To increase your mapping rate you could run in UniRef50 mode instead of the default UniRef90 mode. This won’t change your species-stratified abundances but it will likely increase the % of reads you map to known proteins with unclassified taxonomy. The infer_taxonomy script can then be used to make guesses about the taxonomy of the unclassified abundances.

Thank you, this is very helpful.

Could you also explain the meaning of the following output from humann3. “Selected species explain 99.98% of the predicted community composition”.

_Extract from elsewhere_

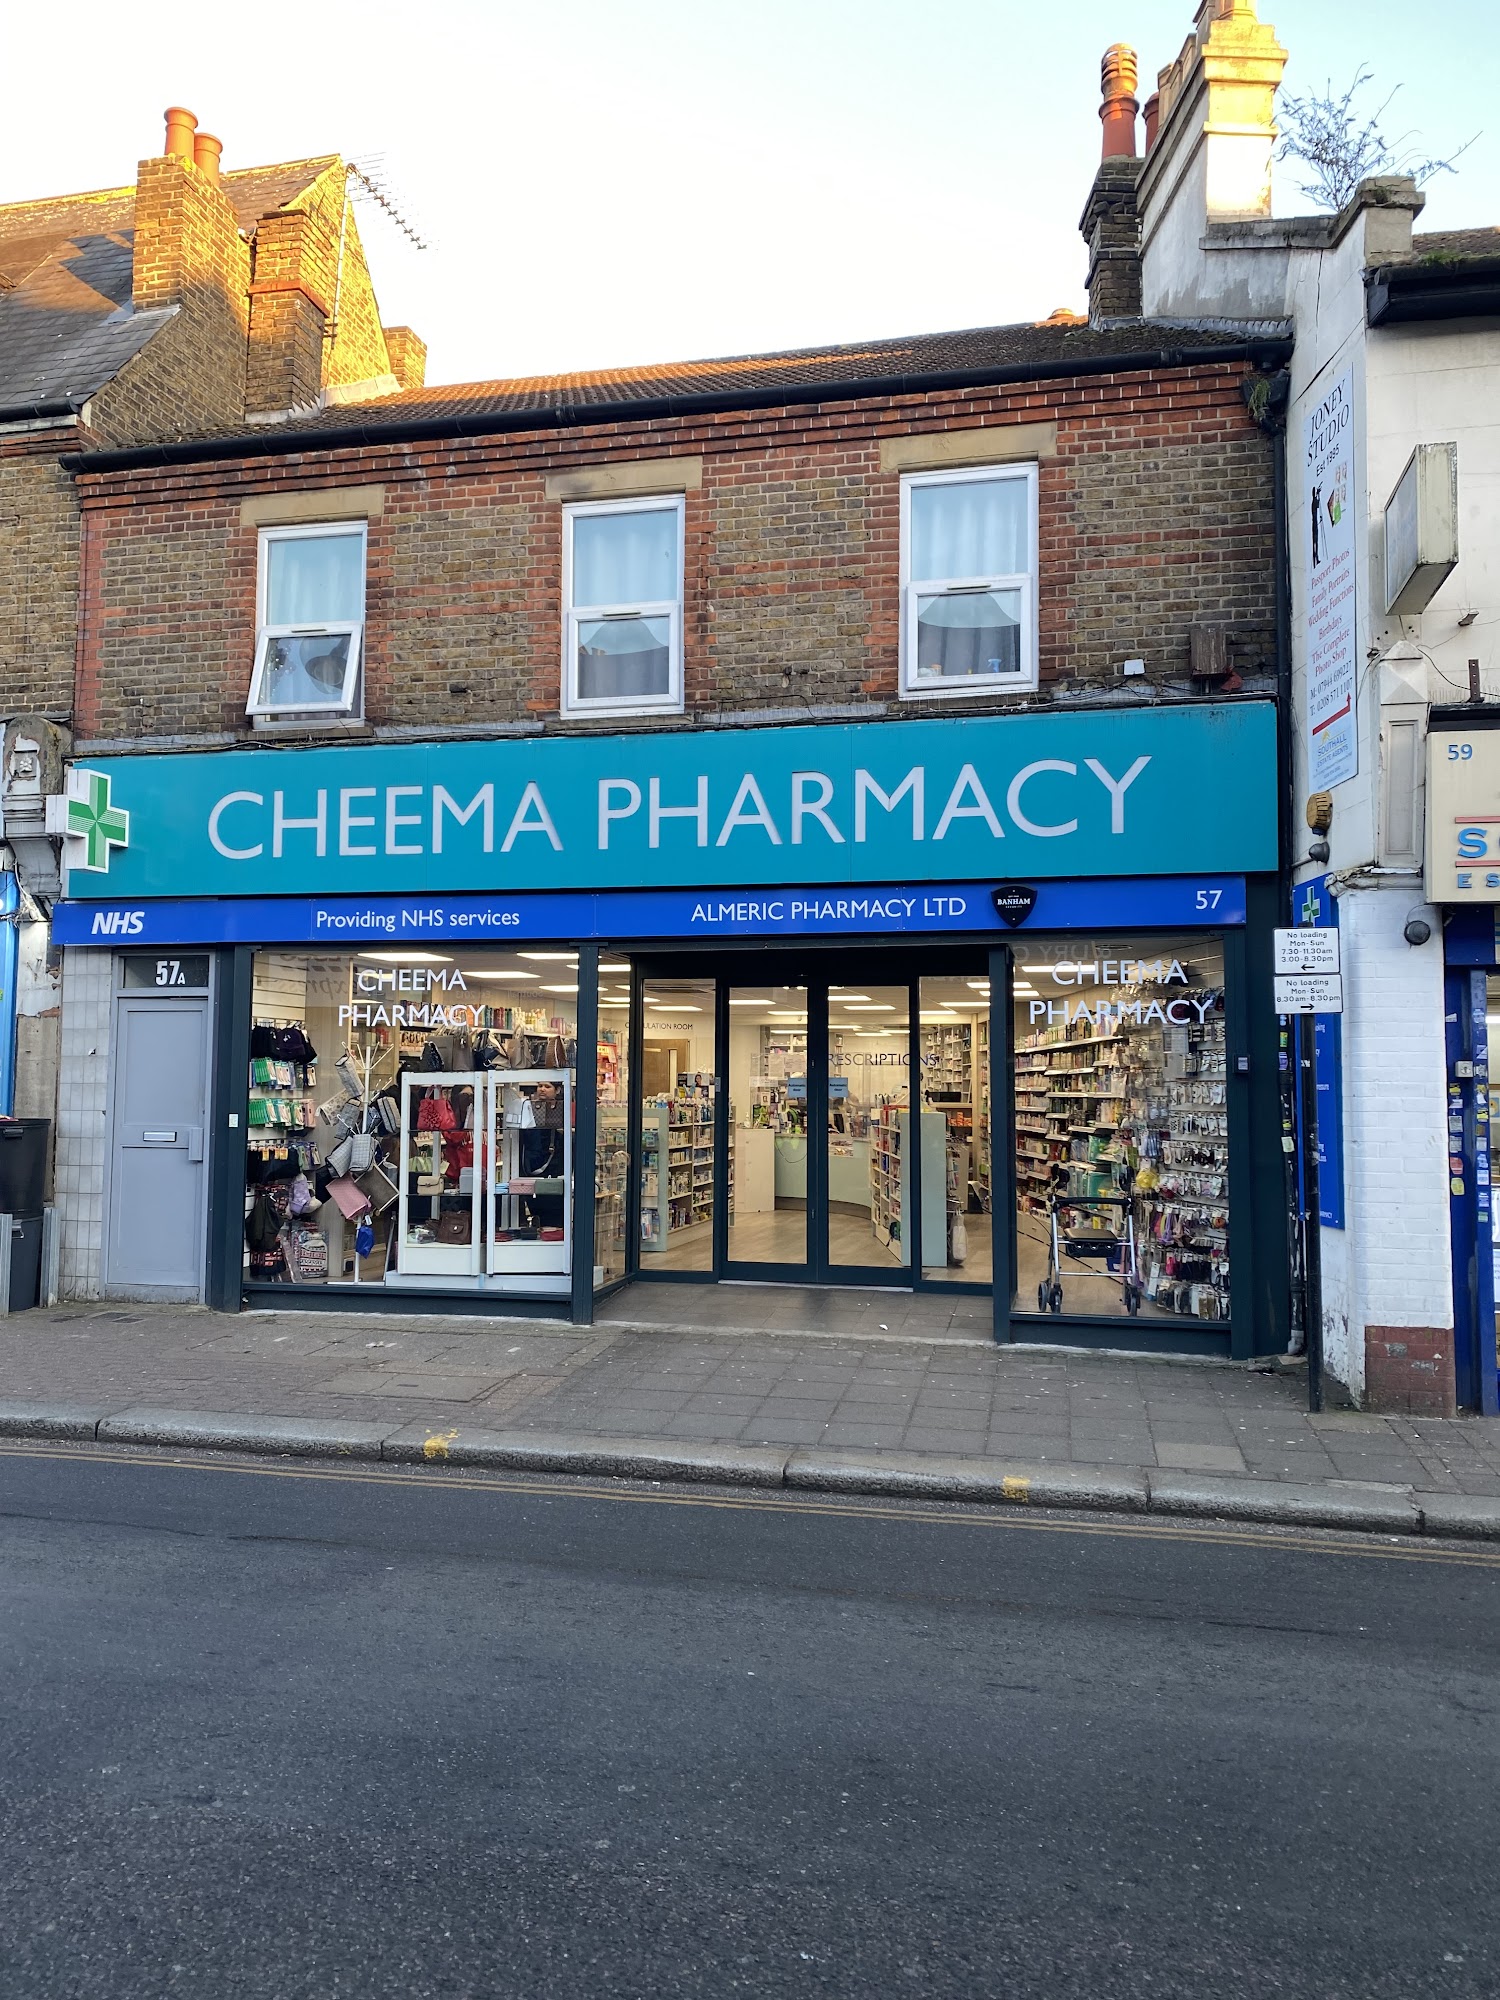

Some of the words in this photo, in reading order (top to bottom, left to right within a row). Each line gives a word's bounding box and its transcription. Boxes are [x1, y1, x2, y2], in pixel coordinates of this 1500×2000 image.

Unless you turn on MetaPhlAn’s % unknown estimation, the total species abundance from MetaPhlAn will sum to 100%. HUMAnN will then select some or all of those species for pangenome mapping requiring (default setting) each to be >0.01% relative abundance. The 99.98% in your question is the sum of the selected species abundances, indicating that unselected (trace) species only accounted for ~0.02% of relative abundance.

Note: this does not indicate that we expect to explain 99.98% of reads in the sample, which is an easy mistake to make.